The postponed tours and canceled shows have left both artists and their record labels in a tight spot financially. Which is why it’s especially encouraging that independent record labels, relief groups, and industry-related companies such as Fender and the Recording Academy are now supporting virtual “music festivals.” These events support artists by offering direct channels through which fans can help them get paid.
Online concert catalog Bandsintown streamed a polished “music marathon” the first weekend in April on its newly created Twitch channel, taking donations for the MusiCares Covid-19 Relief Fund, which has been offering grants to musicians who’ve lost live performance or touring income. DJs, indie pop bands, and social media faves were all in the lineup, each to perform an hour-long set.
Another MusicCares venture is the Uncancelled Music Festival, which features lineups curated by Fender and venues like Rockwood Music Hall in Brooklyn. Starting April 2, popular indie bands whose spring tours were halted, including Beach Bunny and Waxahatchee, have played; viewers must purchase a ticket via “pay what you can” pricing, with a recommended ask of $5. The curators pay artists to perform, while a portion of the total ticket sales also goes to MusiCares’ efforts.

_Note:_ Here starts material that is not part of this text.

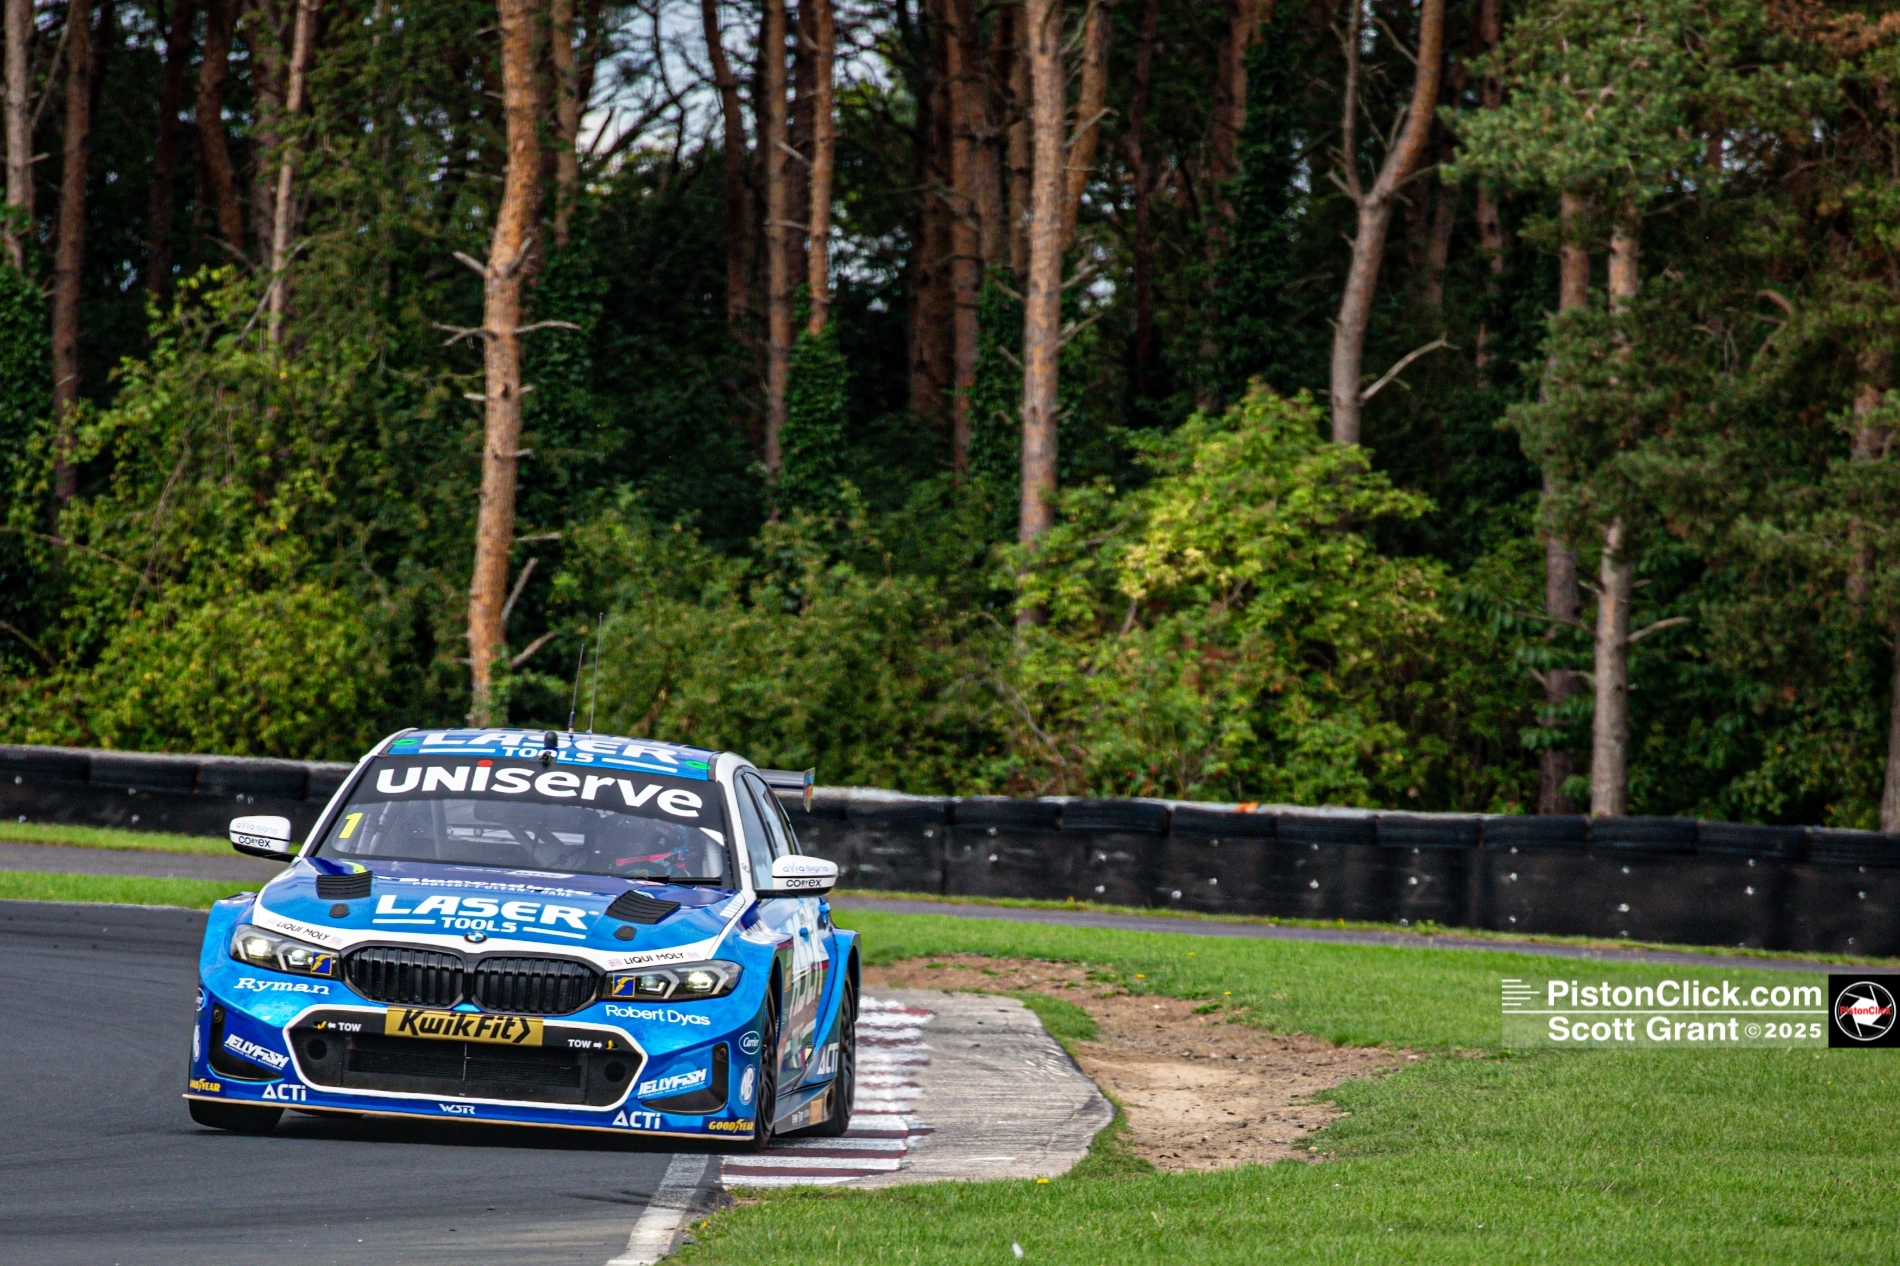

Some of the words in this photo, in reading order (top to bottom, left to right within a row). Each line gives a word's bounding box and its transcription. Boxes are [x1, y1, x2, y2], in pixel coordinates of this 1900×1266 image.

Selling tickets to these live shows has made them feel more legitimate, as artists receive actual compensation for their work. The performances from the Uncancelled Festival are still filmed by the artists themselves in their homes, of course, so fans shouldn’t expect any high-quality production values. But if you’ve been watching a lot of quarantine concerts, that’s to be expected by now.
These efforts, though, aren’t generating the same amount of money for an artist as they’d make on tour. That’s a possible downside of these live performances, said indie label head Seth Hubbard of Polyvinyl Records (home to indie acts like American Football, which announced on April 6 a virtual music festival of its own — in the game Minecraft).
“My primary worry for our artists is a financial one,” Hubbard told Vox. “I am still not sure that fans are ready to pay to watch artists perform online anywhere near the level that they do for actual live shows. That part is still getting worked out and is a big experiment. My hope is that fans find value in it and are willing to pay for the experience, but at this point I am not sure if that is going to happen.”
Some, including the Uncancelled Festival, are trying to find ways to help support artists financially. Soccer Mommy is selling limited-edition shirts and posters with funds going to her crew, for example. A large group of artists also collectively argued in late March that independent musicians should qualify for unemployment, signing and sharing an online petition aimed at the government. Among the group: Bikini Kill, Neutral Milk Hotel, and Fugazi, each one a veteran band in the indie scene. (Independent musicians successfully won some disaster relief concessions in the latest stimulus package.)
As artists continue to experiment with livestreaming platforms and figure out what’s possible — artistically and financially — the good news is that, right now, fans have access to an array of intimate, special live shows during a time when we all really could use some good music.